Fue llamada “la Discépolo con faldas”, porque revitalizó con su poesía un género que estaba en decadencia. Arte y coherencia fueron las divisas a las que dedicó su vida.
Una fantasía parida en las noches vició con un entusiasmo incomparable la infancia de Eladia Blázquez: el sueño de ser cantante. Cuando la realidad se empeñaba en desmentir ese sueño, ella caía en una suerte de agotamiento nervioso y se rehusaba a iniciar actividad alguna que la alejara de la música. Aunque su familia poco la pudo ayudar en su formación artística -provenía de un hogar humilde de Gerli-, a los cuatro años los reyes magos le regalaron una guitarrita -pues su padre se dedicaba a la carpintería- y ella empezó a jugar, a sacar melodías y desdeñar cualquier otro juguete. A partir de ese regalo, su vida cambiaría para siempre.
“Entonces, mamá pensó que ese debía ser mi futuro, la música”, confesó alguna vez durante un reportaje. Eladia era apenas una niña y su madre comenzó a llevarla a diferentes academias musicales: cantó en programas de radio, hizo el aprendizaje de los escenarios, lograron conseguirle un piano y desde ese momento no paró de tocar. A los once años escribió un bolero, extraordinario para una niña de su edad, llamado Amor imposible. Nunca tuvo estudios formales. De todas maneras, ella creía que si los hubiese tenido, con su oído y disciplina, sólo hubiera sido una concertista alejada de lo popular.
A mediados de la década del 50, Eladia comenzó a cautivar a españoles y argentinos cantando cuplés, tonadillas, boleros, y luego vals peruanos. Más tarde, se incorporaron nuevos géneros en su repertorio melódico: aparecieron el folklore y el tango. Algunos de sus biógrafos señalan que allí descubrió su argentinidad, sus raíces musicales. Aunque siempre negó ser poeta, lo cierto es que estaba convencida de que la poesía podía encontrarse incluso en una cuarteta que le dictaran: “Yo no invento nada. Lo que tengo es una piel sensible para escribir o para reflejar cosas. La creación es una fuga total de la realidad desde el momento en que no sabés de dónde viene”.

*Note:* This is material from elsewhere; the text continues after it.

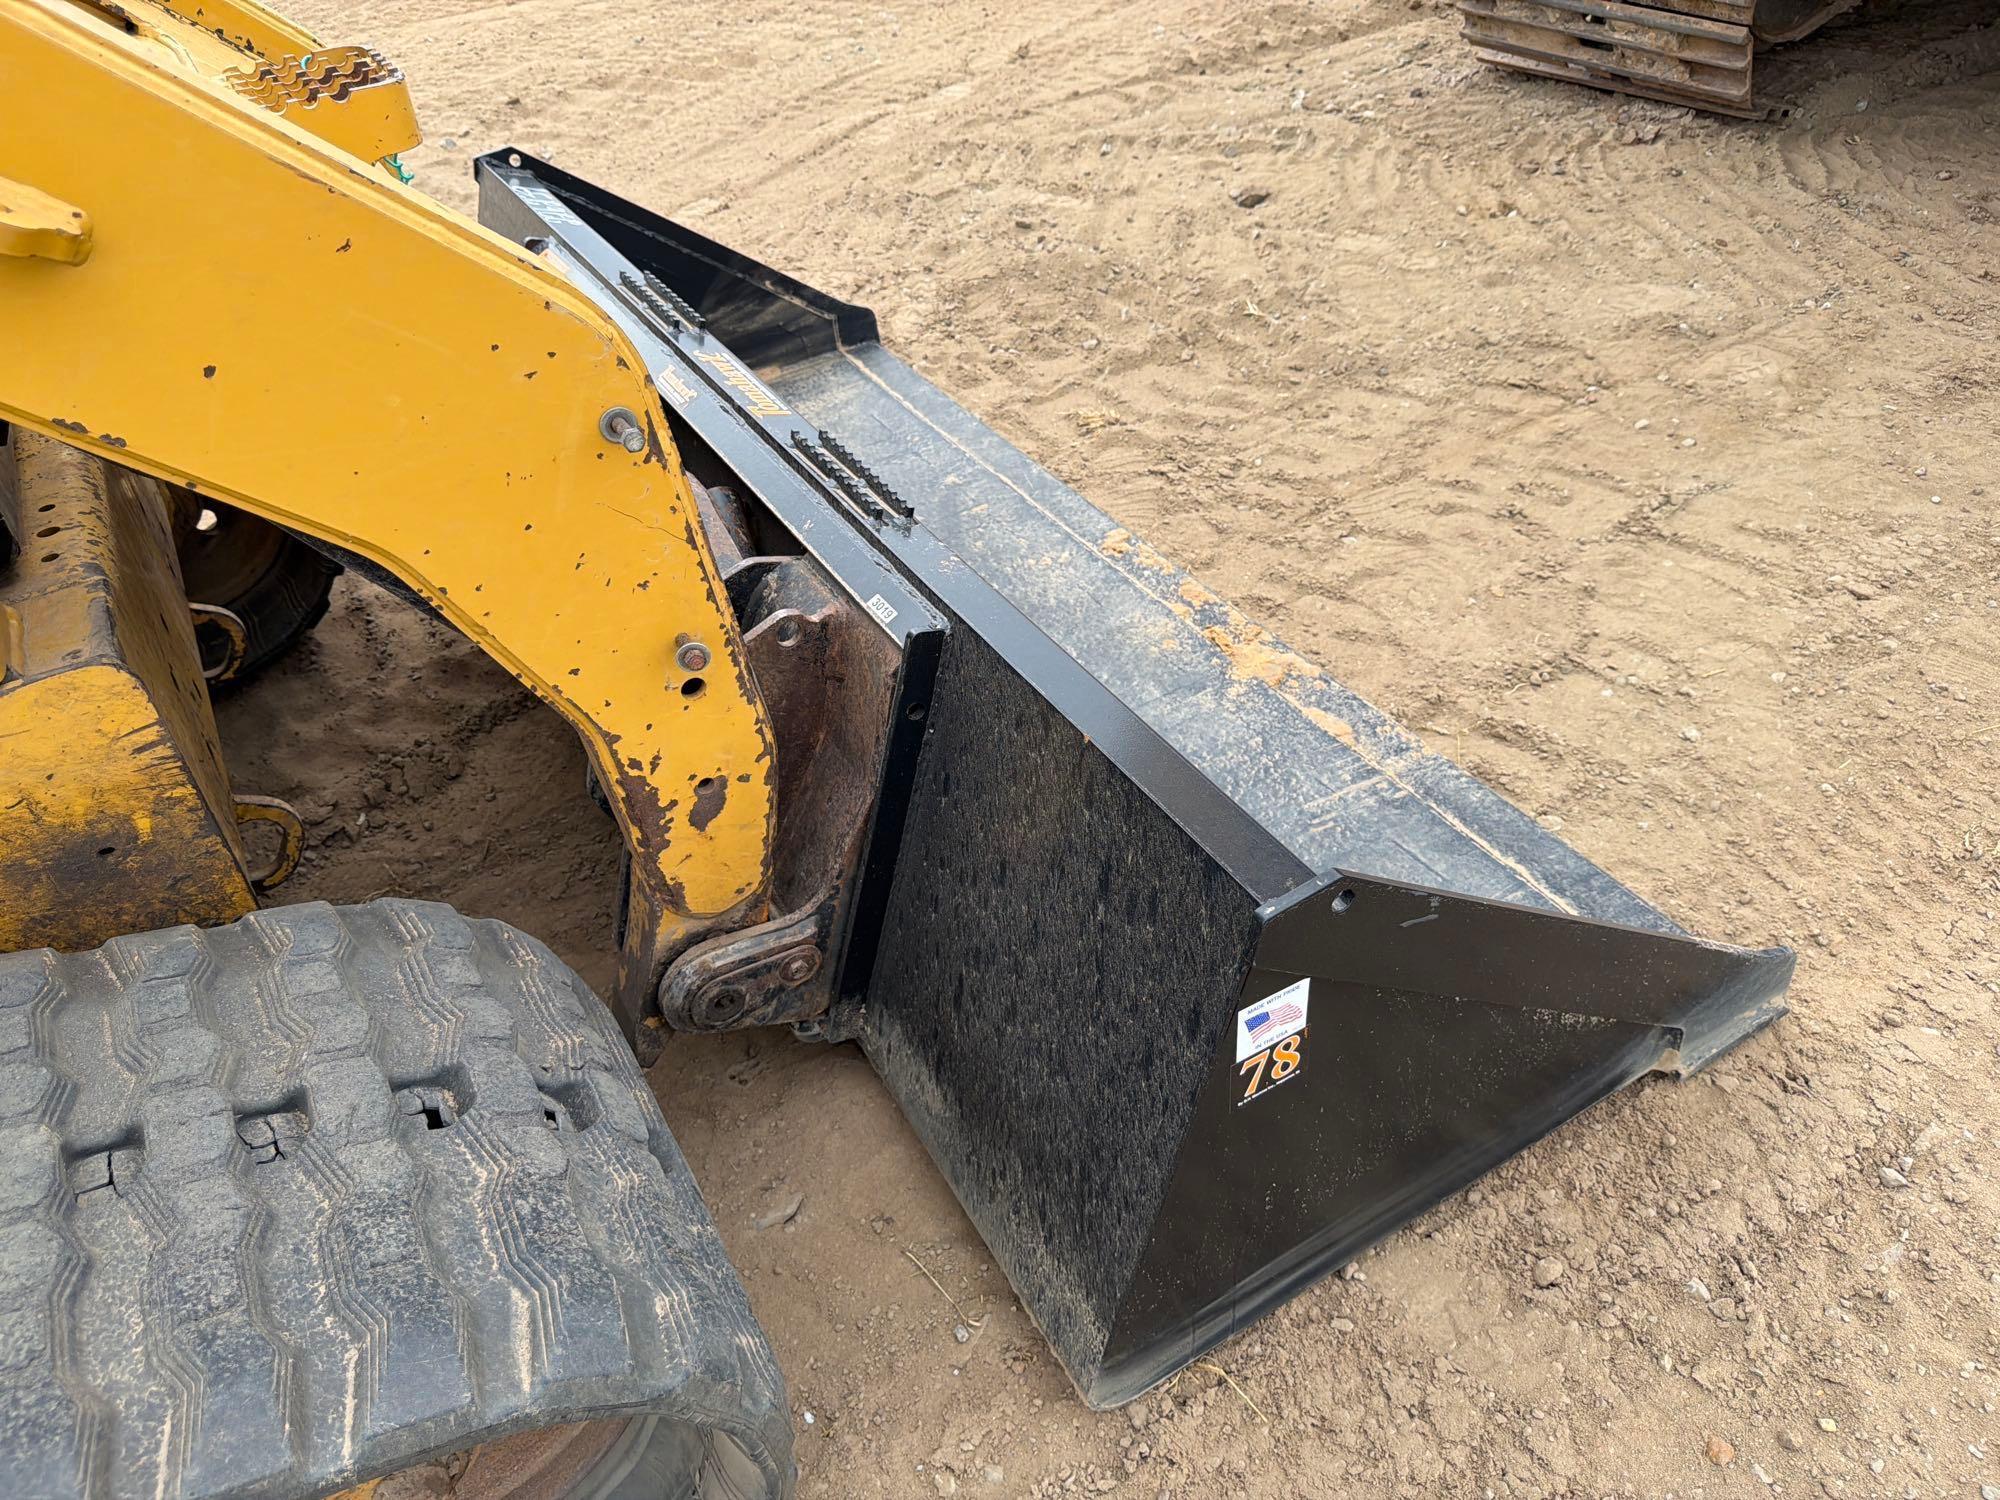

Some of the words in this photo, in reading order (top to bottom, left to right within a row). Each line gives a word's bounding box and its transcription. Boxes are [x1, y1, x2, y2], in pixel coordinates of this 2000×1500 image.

Escribir en argentino y después encontrar el tema de Buenos Aires significó una especie de hall de entrada al tango. Tras un debut consagratorio, en 1970, con su disco Buenos Aires y yo, se sucederían doce discos más que la ubicaron como la gran compositora de la canción porteña de fines del siglo pasado. En los círculos tangueros, la apodaban “la Discépolo con falda”. Y así, en la madurez de su vida, se reconciliaría para siempre con ese género que durante mucho tiempo pareció coto de caza exclusivo de los hombres. Ella creó un tango canción de estilo nuevo, pero sin pretensiones vanguardistas. A propósito de ese vínculo tan especial, le gustaba decir que el tango era una esencia, una manera de ser, y que, aunque evolucionara, seguiría conservando esa mística. Sobre todo, porque los porteños eran una clase de gente tan especial que tenían una música que los representaba, cosa que no ocurría en ningún otro lugar del mundo. Como contrapartida, insistía Eladia, los porteños adolecían de una nostalgia exagerada: “Es tonto pensar que, por simple nostalgia, añoremos un farolito y no veamos una luz de neón que alumbra mucho más y es más bonita”.

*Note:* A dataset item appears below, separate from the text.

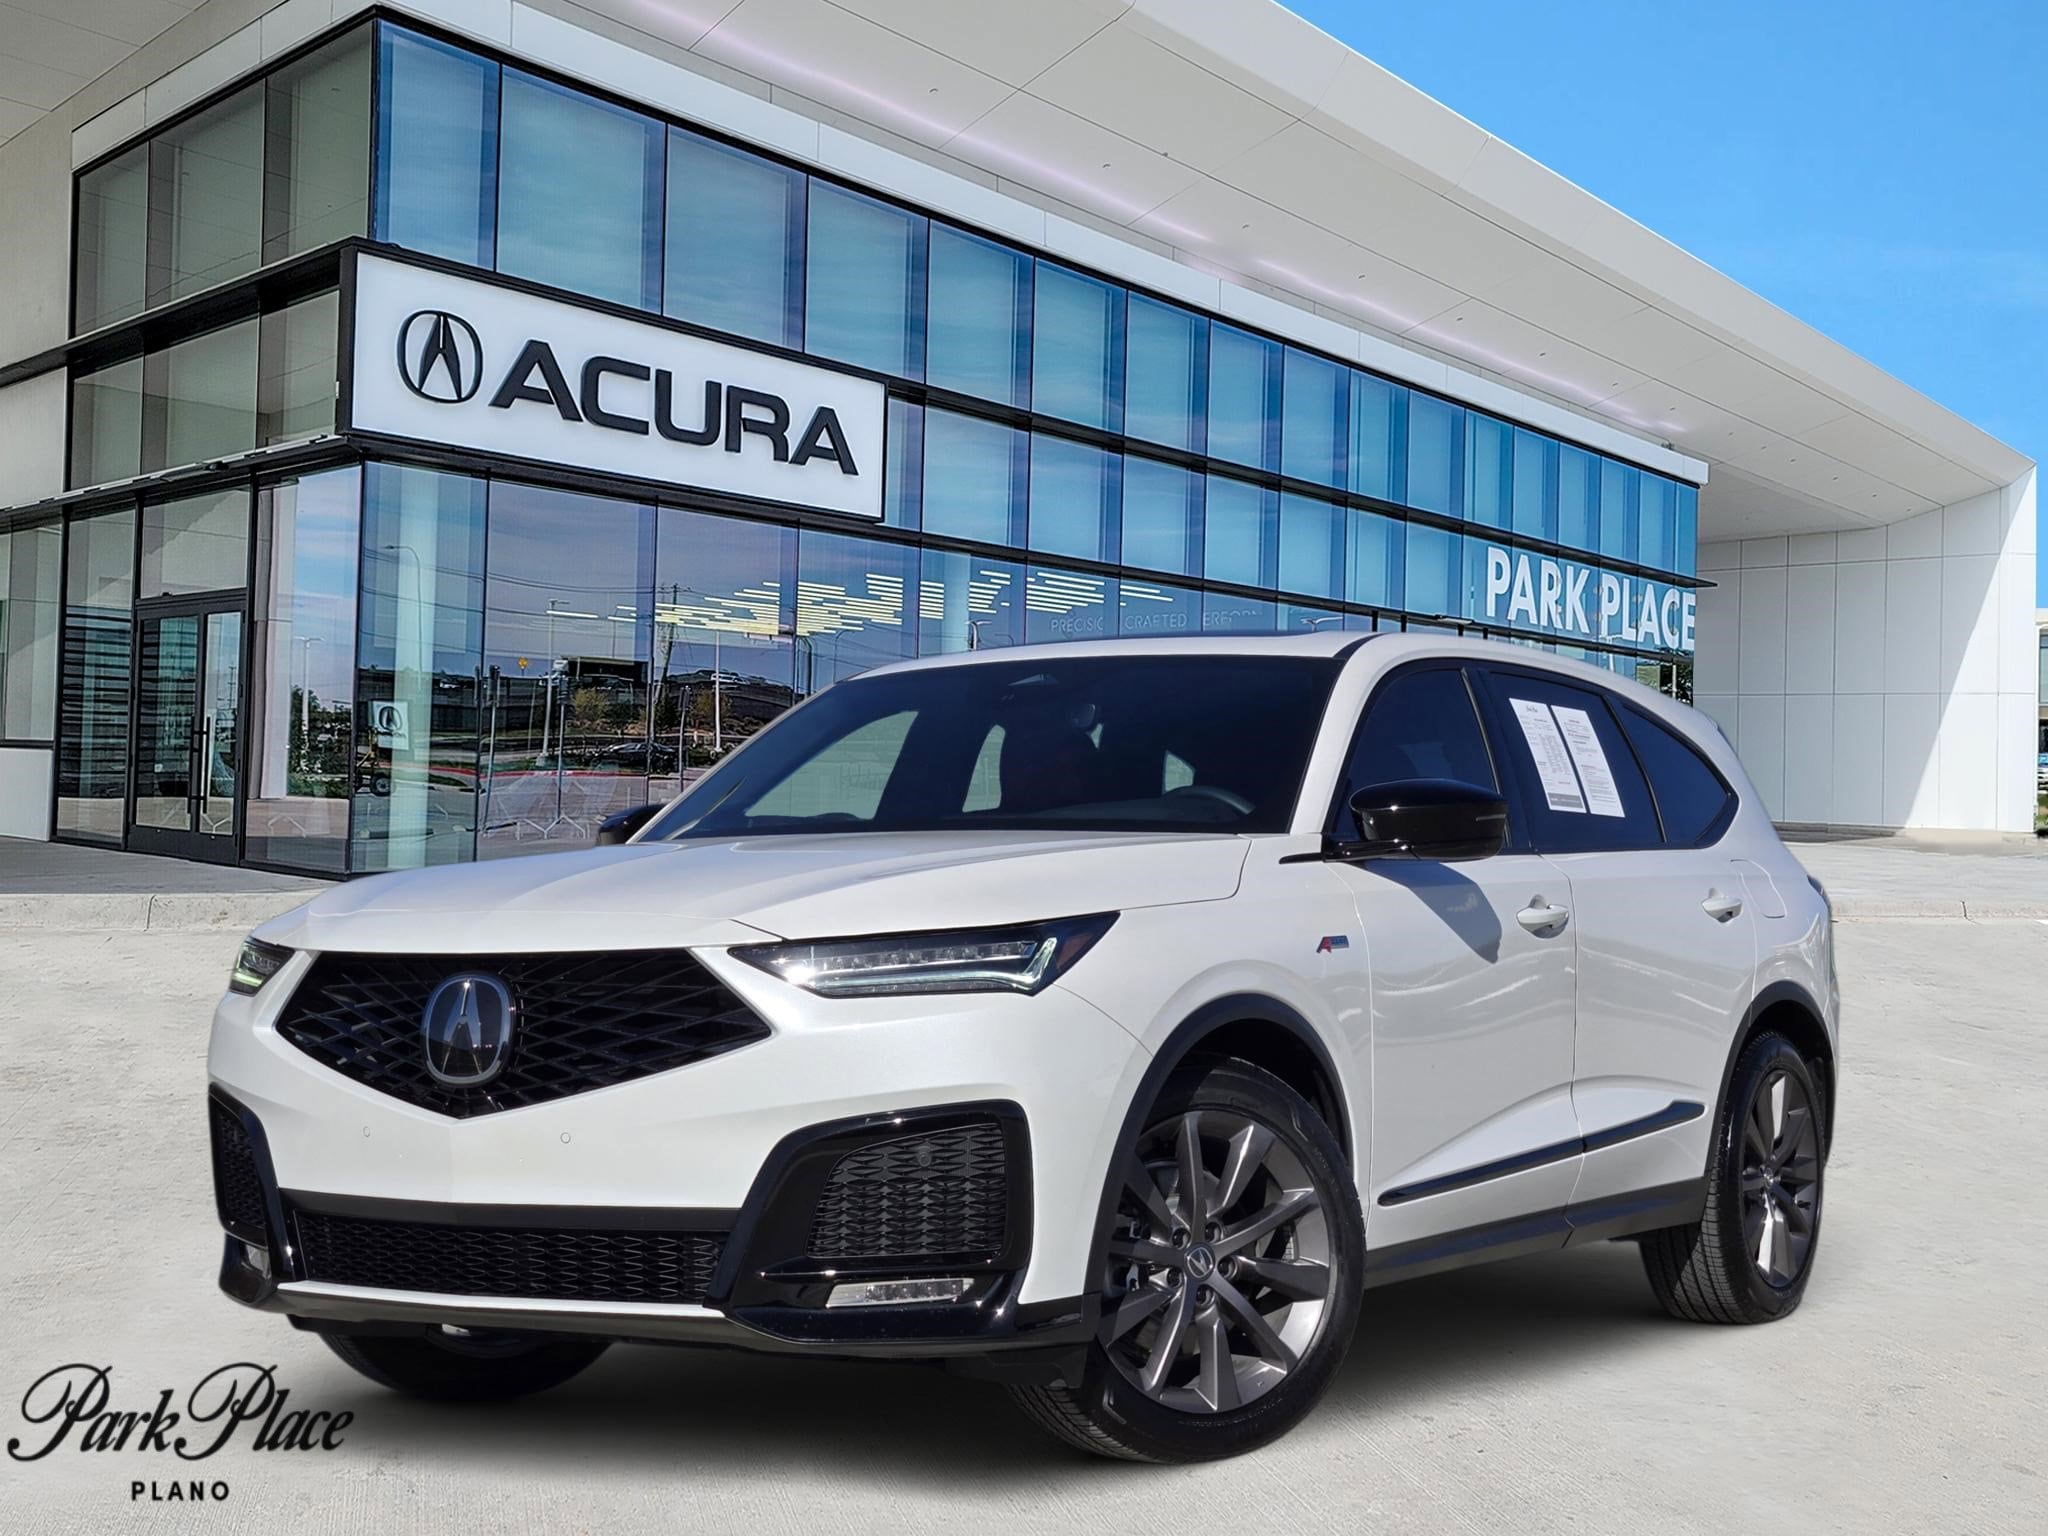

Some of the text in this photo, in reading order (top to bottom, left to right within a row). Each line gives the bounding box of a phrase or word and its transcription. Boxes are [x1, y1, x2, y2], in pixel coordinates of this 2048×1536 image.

[488, 339, 859, 476] ACURA
[1124, 613, 1188, 630] CRAFTED
[1487, 546, 1696, 650] PARK PLACE

A propósito de Carlos Gardel, Blázquez decía que un artista de su naturaleza costaría bastante repetirlo: “Gardel era completo, demasiado, y todos los demás se perdieron buscando en esa imagen. Julio Sosa tal vez hubiera sido algo importante. Pero todos han estado muy lejos; porque, además de cantar bien, tenía simpatía, porte, ciertos dones. Pueden pasar muchísimos años hasta que aparezca alguien igual”. Crítica, incisiva y escéptica, la compositora también afirmaba que la figura de artista implicaba algo más que hacer una cosa específicamente bien: era cantar, escribir, la simpatía, la autenticidad, cómo pararse frente a la vida, la gente, los escenarios y los desafíos permanentes.
Murió el 31 de agosto de 2005, en ese Buenos Aires al que tanto cantó. Aunque su rol como compositora e intérprete siempre tuvo un lugar destacado en el ambiente musical, fue a través de la difusión de las versiones de otros intérpretes en donde la obra de Eladia Blázquez tuvo una repercusión mucho mayor. Allí desairó la nostalgia y encaró el futuro poniéndole letra a Adiós Nonino u homenajeando a Buenos Aires con Si te viera Garay, como si hubiese tenido un piolín para remontar todos sus ensueños.